Note: Usage of Tesseract-OCR requires prior installation.
Let's have a look at an example.
from img2table.document import PDF
from img2table.ocr import TesseractOCR
# Instantiation of the pdf
pdf = PDF(src="tablesfile.pdf")
# Instantiation of the OCR, Tesseract, which requires prior installation
ocr = TesseractOCR(lang="eng")
# Table identification and extraction
pdf_tables = pdf.extract_tables(ocr=ocr)
# We can also create an excel file with the tables
pdf.to_xlsx('tables.xlsx', ocr=ocr)
Extracting Multiple tables
The extract_tables
method of a document allows multiple tables to be extracted simultaneously from a PDF page or an image.
from img2table.ocr import TesseractOCR
from img2table.document import Image
# Instantiation of OCR
ocr = TesseractOCR(n_threads=1, lang="eng")
# Instantiation of document, either an image or a PDF
doc = Image(src, dpi=200)
# Table extraction
extracted_tables = doc.extract_tables(ocr=ocr,
implicit_rows=True,
borderless_tables=False,
min_confidence=50)
Most of the parameters have been discussed earlier when working with images and PDF, but there are new parameters. ocr
is the instance used to parse document text, implicit_rows
is a Boolean type indicating if implicit rows should be identified, borderless_tables
indicates if borderless tables are extracted, and lastly, min_confidence
is the minimum confidence level from OCR in order to process text from 0(the worst) to 99(the best).
Conclusion
The OpenCV-python library and OpenCV are both used for all of the image processing. The Hough Transform, which recognizes lines in an image, serves as the algorithm's foundation. It enables us to recognize the image's horizontal and vertical lines. The library really doesn't have much more to it because the intention was to keep it as straightforward as possible in order to avoid any potential complications that might arise from using other approaches.

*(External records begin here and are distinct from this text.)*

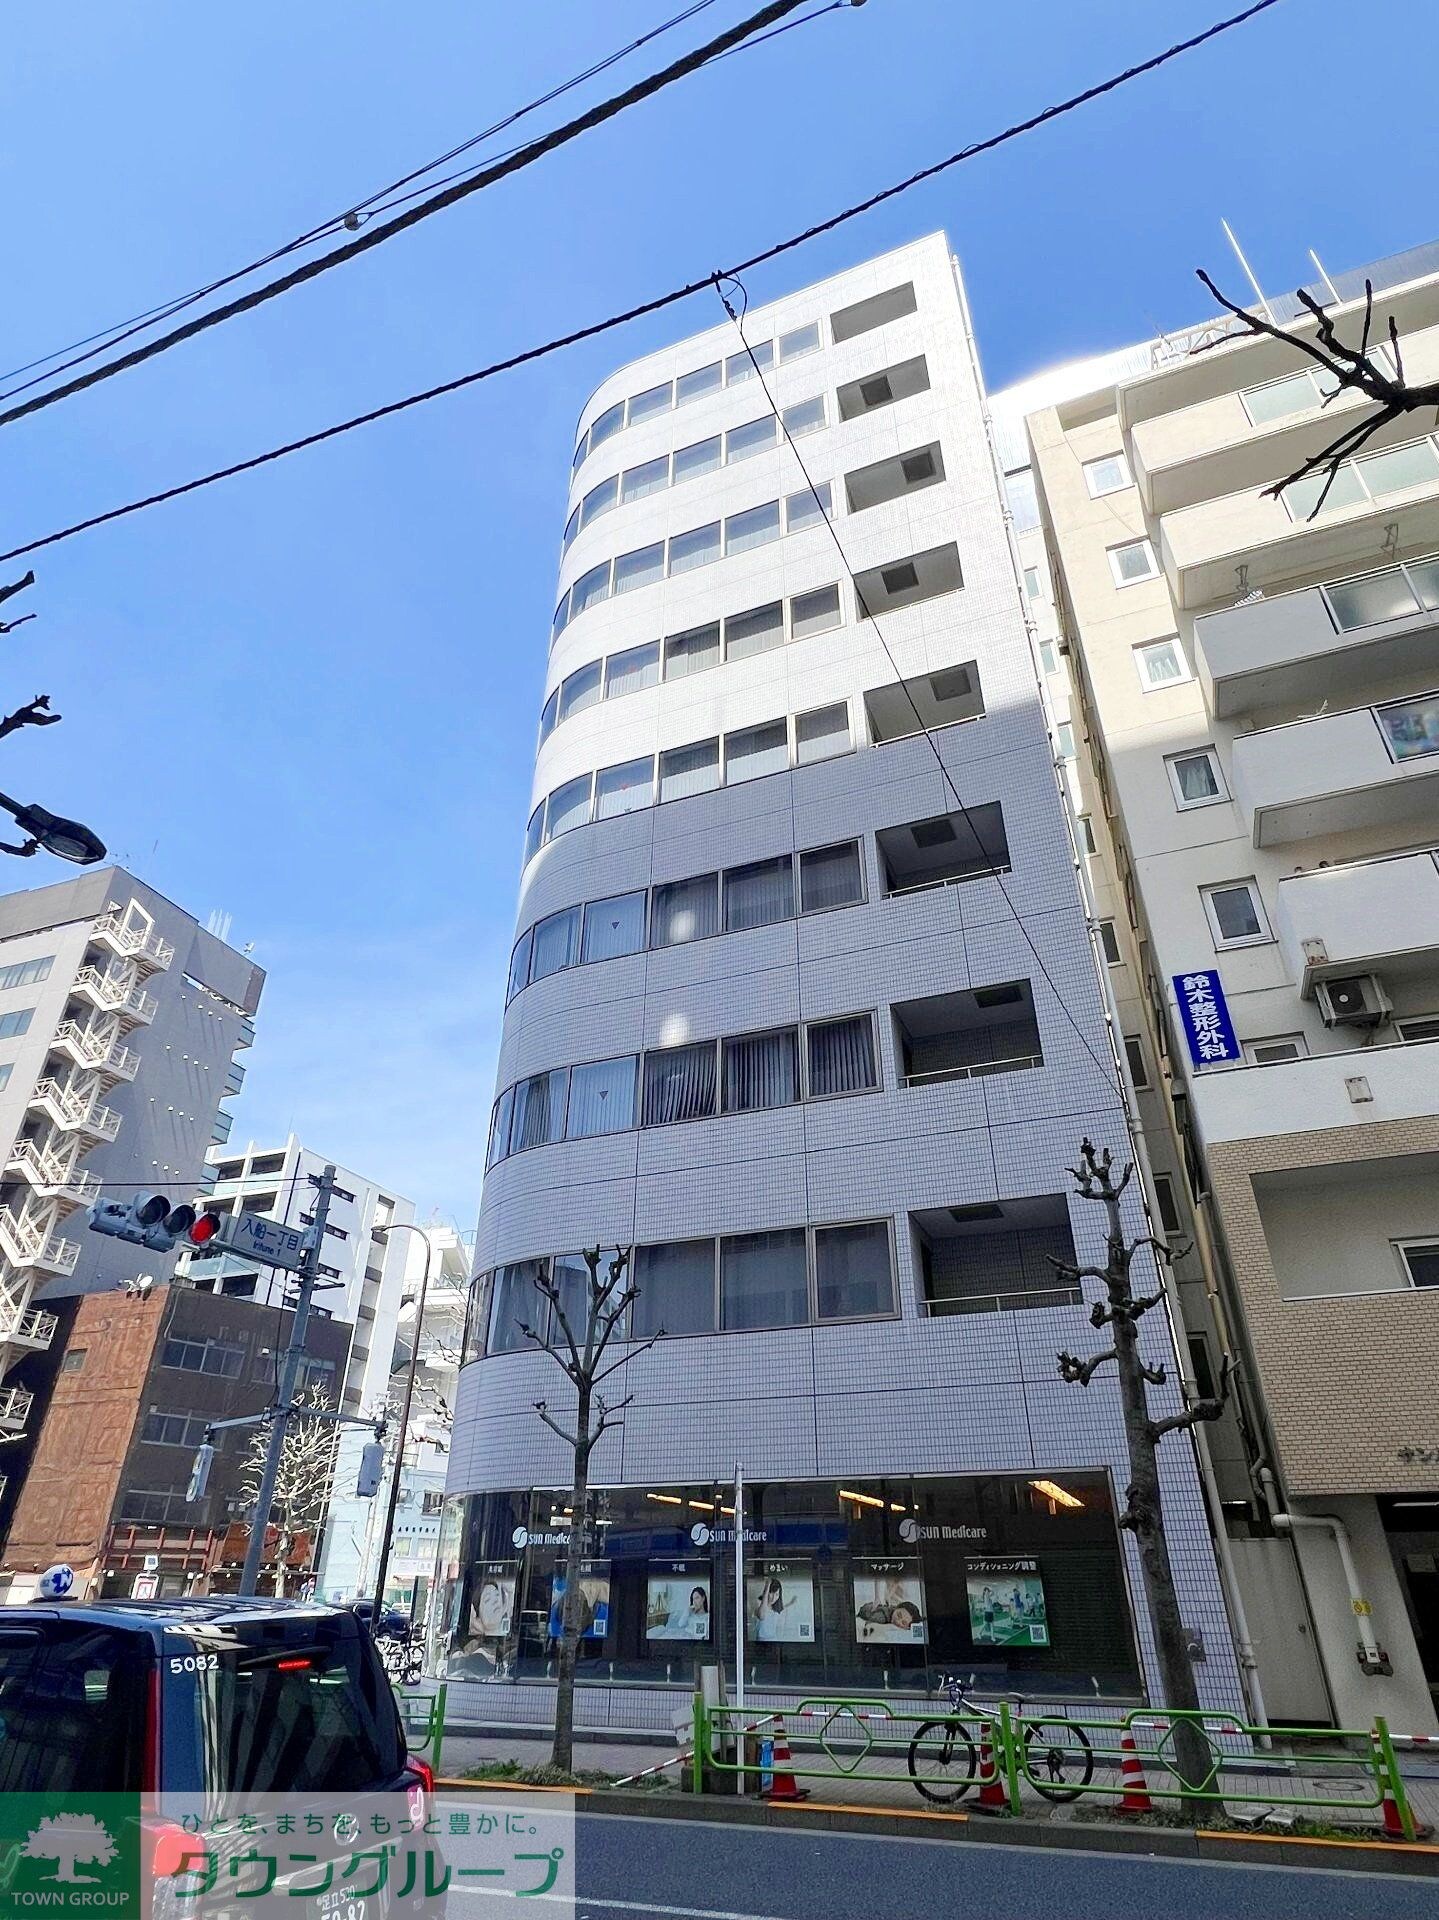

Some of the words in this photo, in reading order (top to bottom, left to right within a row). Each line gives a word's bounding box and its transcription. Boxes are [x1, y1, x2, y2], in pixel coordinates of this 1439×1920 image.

[1182, 974, 1229, 1060] 鈴木整形外科
[241, 1217, 299, 1250] 入船一丁目
[728, 1529, 768, 1542] Mdicare
[170, 1655, 219, 1674] 5082
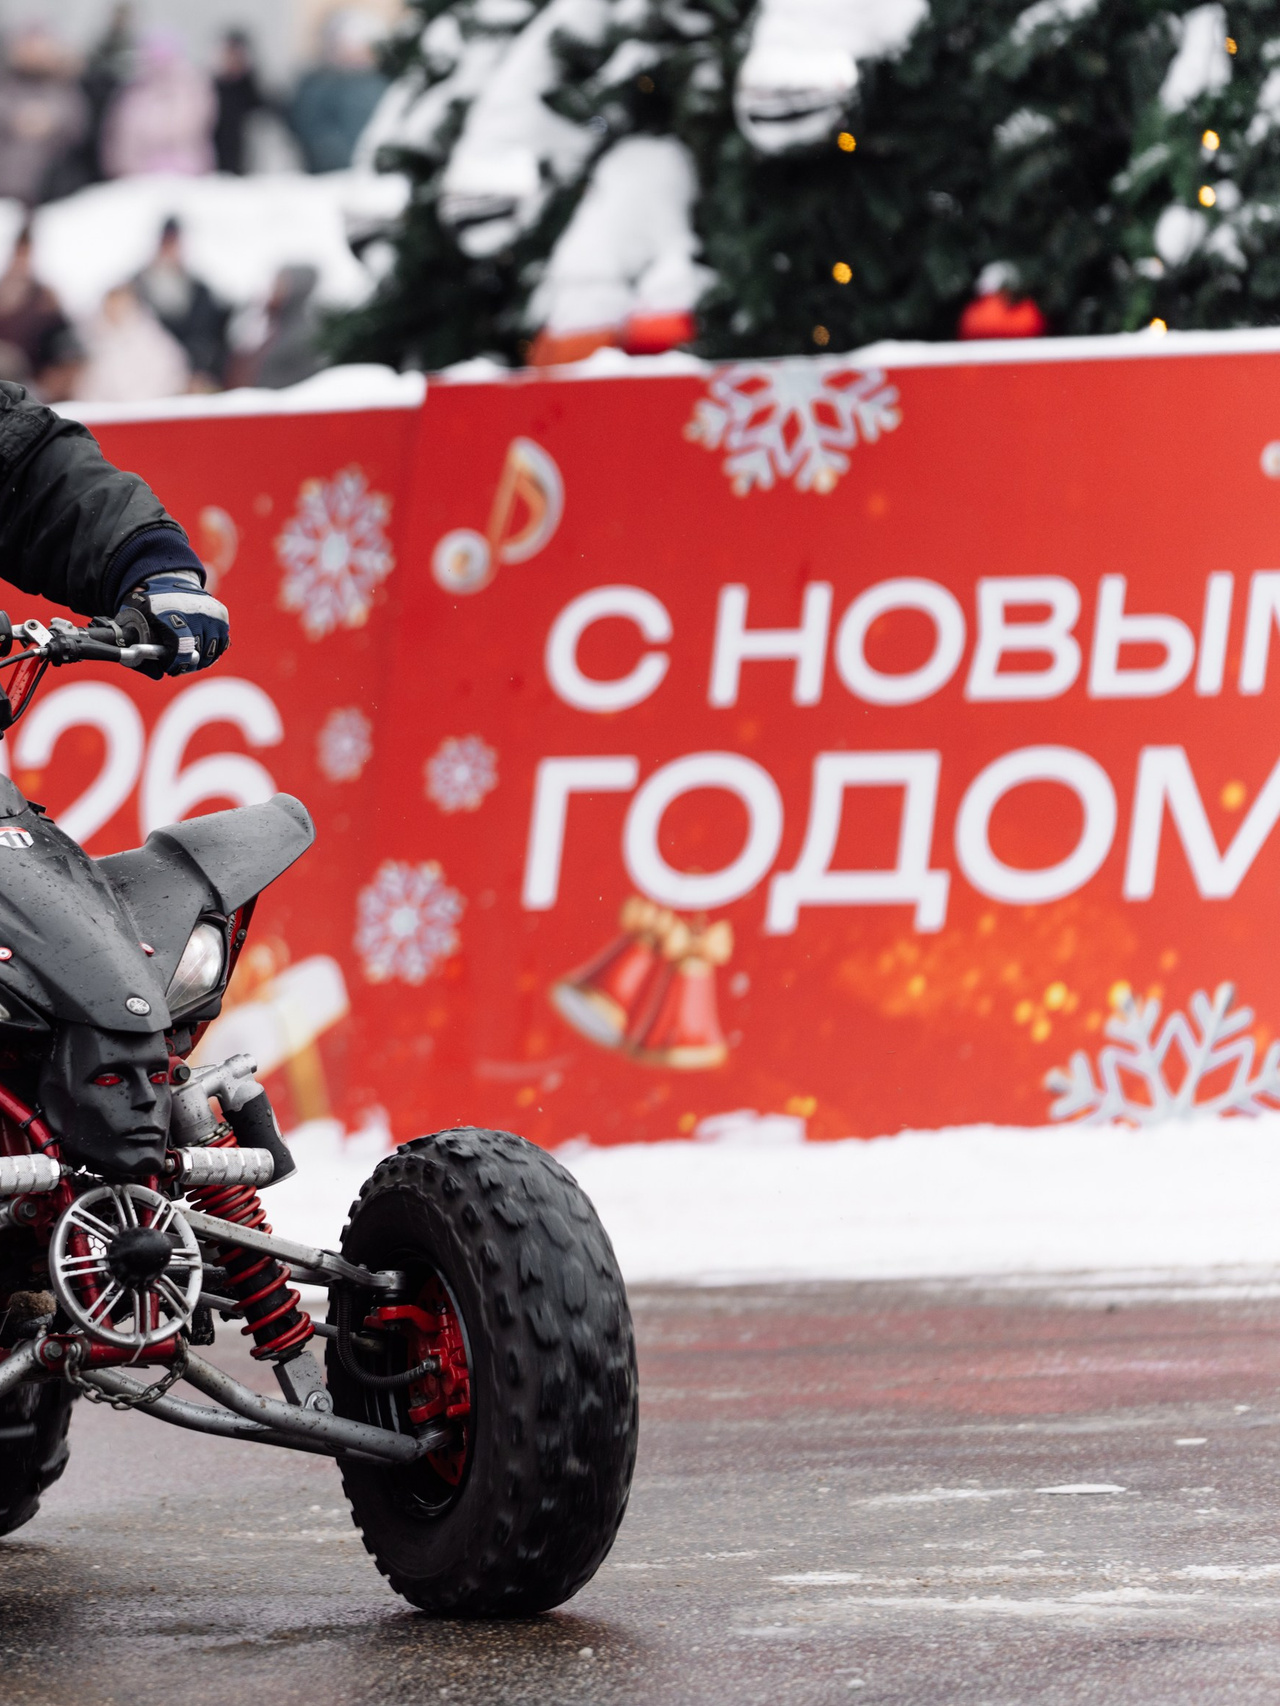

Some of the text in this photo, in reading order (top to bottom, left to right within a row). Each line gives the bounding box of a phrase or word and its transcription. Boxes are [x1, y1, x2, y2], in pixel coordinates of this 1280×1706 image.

[545, 569, 1280, 713] С НОВЫ
[521, 743, 1280, 936] ГОДОМ

View the project's documentation on GitHub.
Let's connect on Twitter and on LinkedIn. You can also subscribe to my YouTube channel.
Happy Coding!
Top comments (6)
Hi buddy, hope you are doing good. I'm facing issue while calling TesseractOCR. Scope of my task is extract table from pdf file which is containing scanned images. i have added the sample file also. and error page also shared below. can you please help me to resolve this??

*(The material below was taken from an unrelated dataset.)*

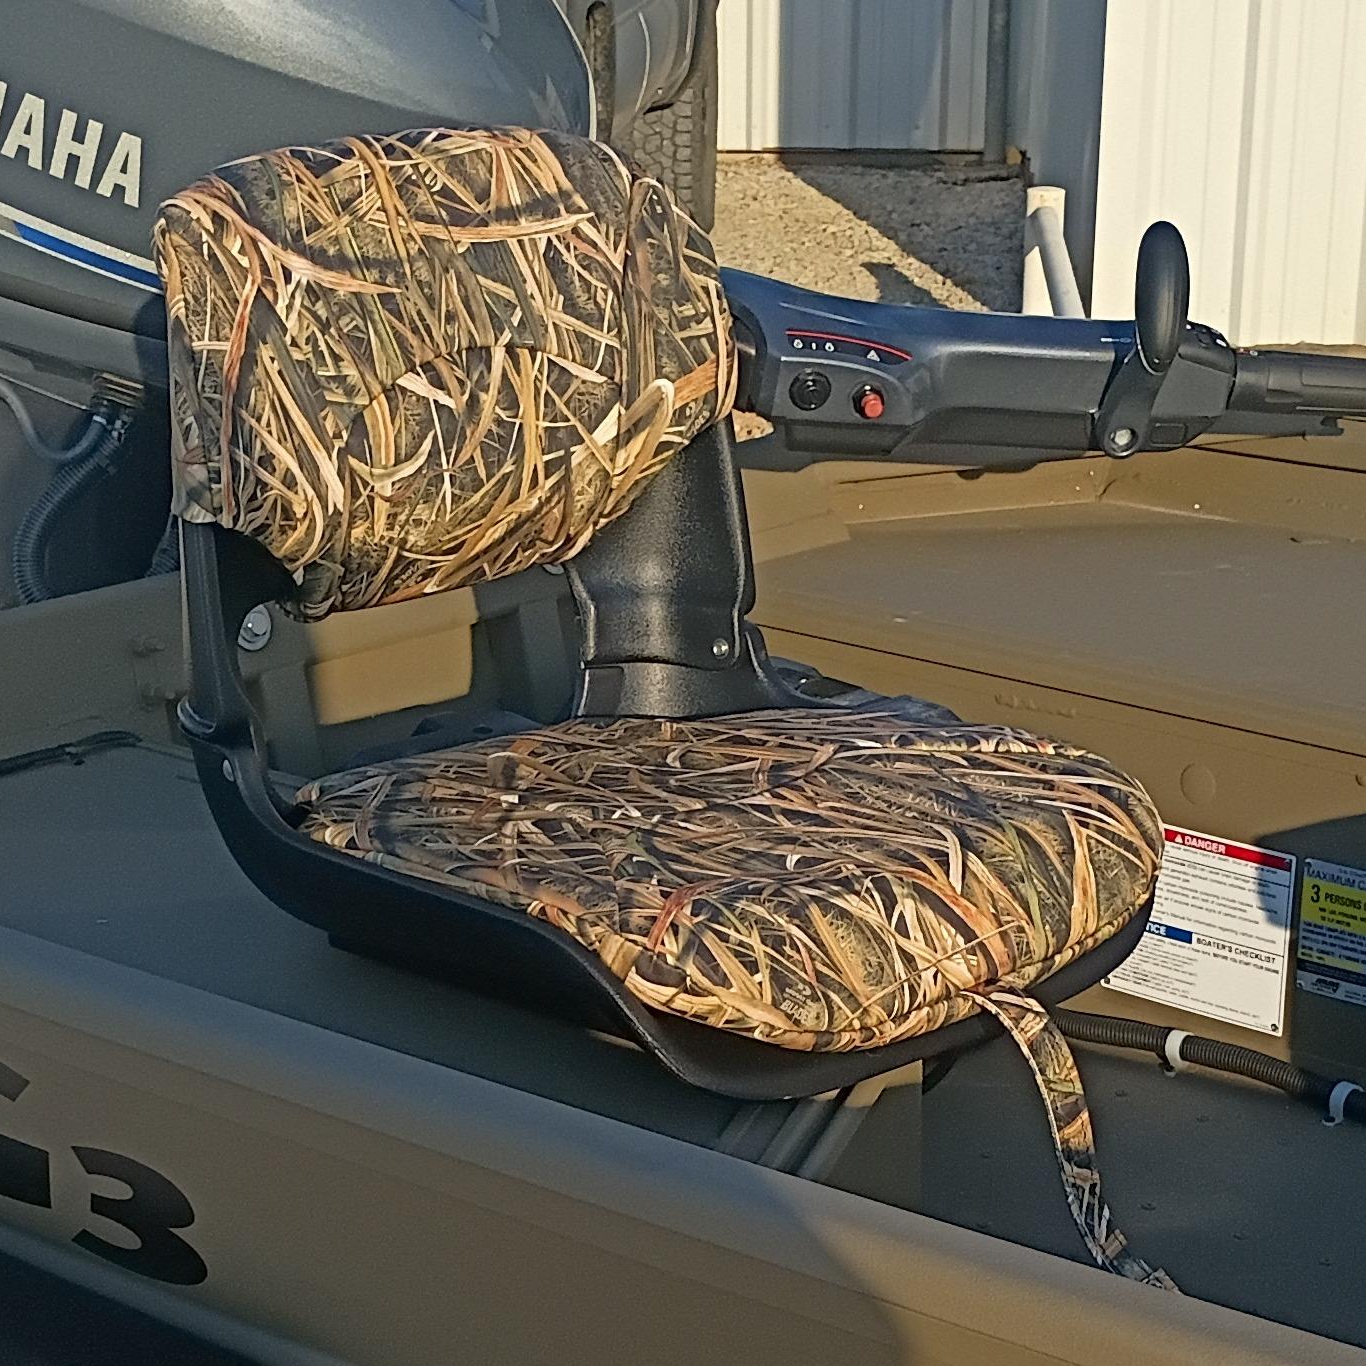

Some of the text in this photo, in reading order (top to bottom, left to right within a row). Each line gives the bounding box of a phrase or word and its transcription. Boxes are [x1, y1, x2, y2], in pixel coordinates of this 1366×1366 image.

Hi, what operating system are you using?
You can check out this out: stackoverflow.com/questions/509519...
This should solve it for you.
I'm using Windows machine and i'm following the same steps to call pytesseract from local, when using other libraries also. Is it mandatory to install 'pip install tesseract-ocr' also? i tried to install tesseract-ocr but there is visual studio tools dependency and the problem is its size 7.0GB.

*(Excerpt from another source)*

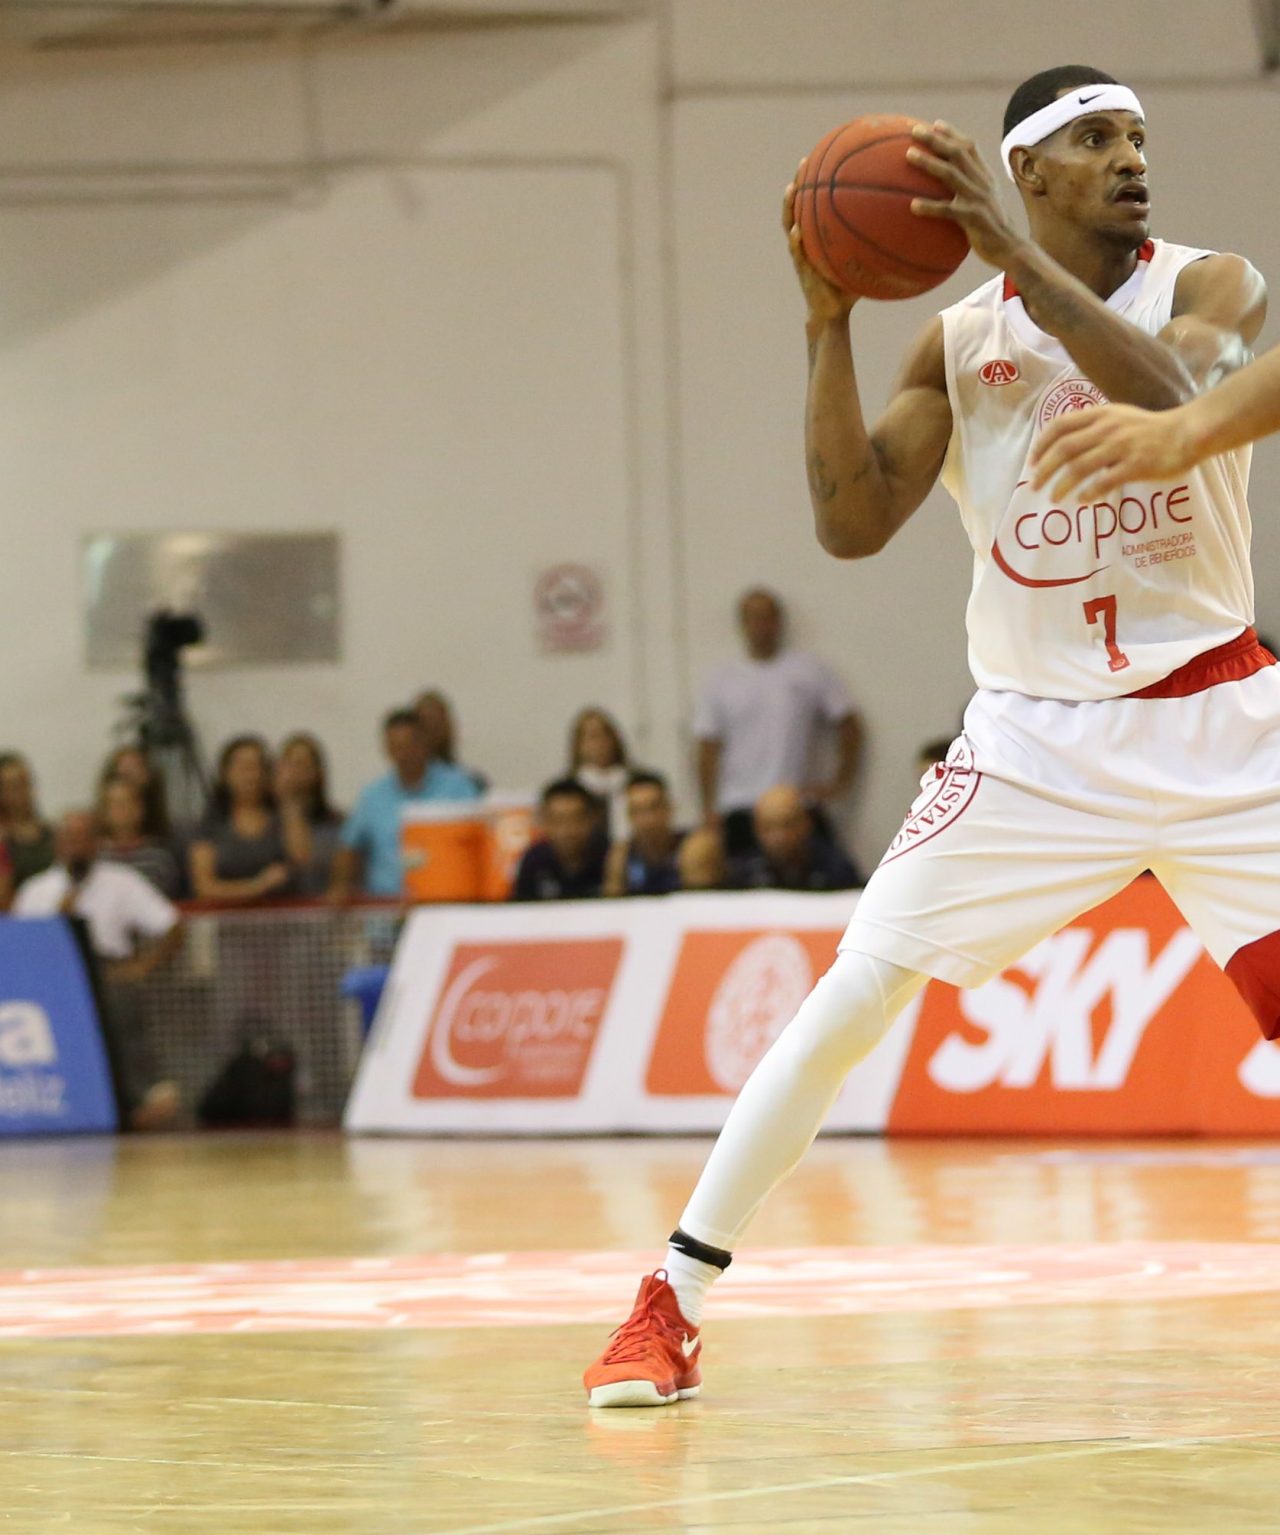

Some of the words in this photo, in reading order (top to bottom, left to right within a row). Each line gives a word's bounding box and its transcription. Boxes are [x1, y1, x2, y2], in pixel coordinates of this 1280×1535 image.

You should pip install tesseract-ocr
Let me check and give you feedback.
This is a problem of not installing the additional local packages in the program files, so in case you want to use the extraction features from Tesseract-OCR you first need to download the Tesseract engine from here digi.bib.uni-mannheim.de/tesseract... and install it then open your environment variable just search in search bar of the pc then click on edit environment variable and then select path then click edit then paste the path of Tesseract-OCR from the c drive program file or what ever path you installed the tesseract just paste the path of it in the env variable then try it, it sould work.
I am getting the output as similar to #output
[ExtractedTable(title=None, bbox=(10, 8, 745, 314),shape=(6, 3)),
ExtractedTable(title=None, bbox=(936, 9, 1129, 111),shape=(2, 2))
How can we get these as table format?